══ Source material
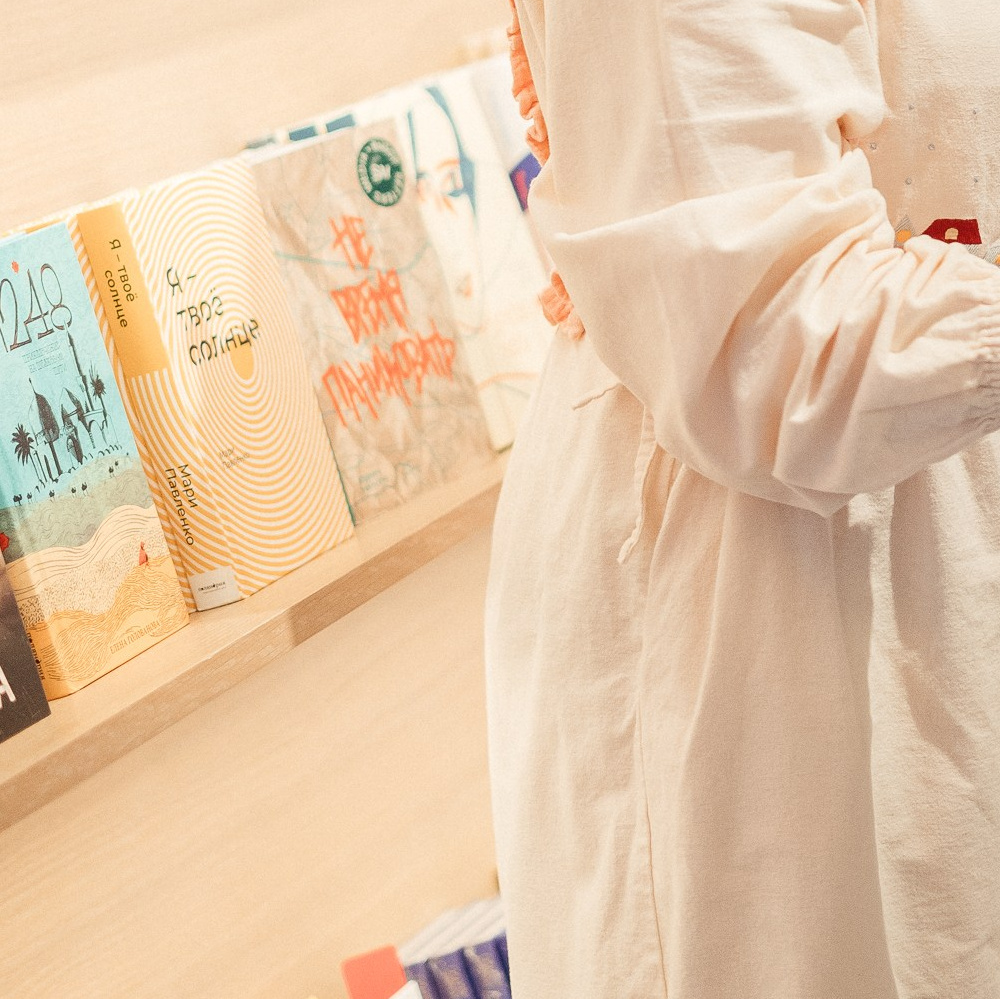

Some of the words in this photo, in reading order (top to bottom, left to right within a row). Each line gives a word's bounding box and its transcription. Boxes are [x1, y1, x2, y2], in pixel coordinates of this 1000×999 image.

[109, 239, 121, 250] Я
[118, 265, 138, 302] твоё
[330, 215, 374, 271] НЕ
[0, 263, 73, 352] 248
[104, 269, 128, 328] солнце
[166, 267, 183, 296] Я
[176, 287, 224, 332] твоё
[330, 267, 410, 344] ВРЕМЯ
[189, 318, 261, 366] солнце
[322, 317, 456, 427] ПАНИКОВАТЬ
[165, 468, 194, 546] Павленко
[177, 464, 198, 508] Мари
════
**Exercise directions:**
Reproduce the entries above exactly, without images.

**Expected answer:**
Some of the words in this photo, in reading order (top to bottom, left to right within a row). Each line gives a word's bounding box and its transcription. Boxes are [x1, y1, x2, y2], in pixel coordinates of this 1000×999 image.

[109, 239, 121, 250] Я
[118, 265, 138, 302] твоё
[330, 215, 374, 271] НЕ
[0, 263, 73, 352] 248
[104, 269, 128, 328] солнце
[166, 267, 183, 296] Я
[176, 287, 224, 332] твоё
[330, 267, 410, 344] ВРЕМЯ
[189, 318, 261, 366] солнце
[322, 317, 456, 427] ПАНИКОВАТЬ
[165, 468, 194, 546] Павленко
[177, 464, 198, 508] Мари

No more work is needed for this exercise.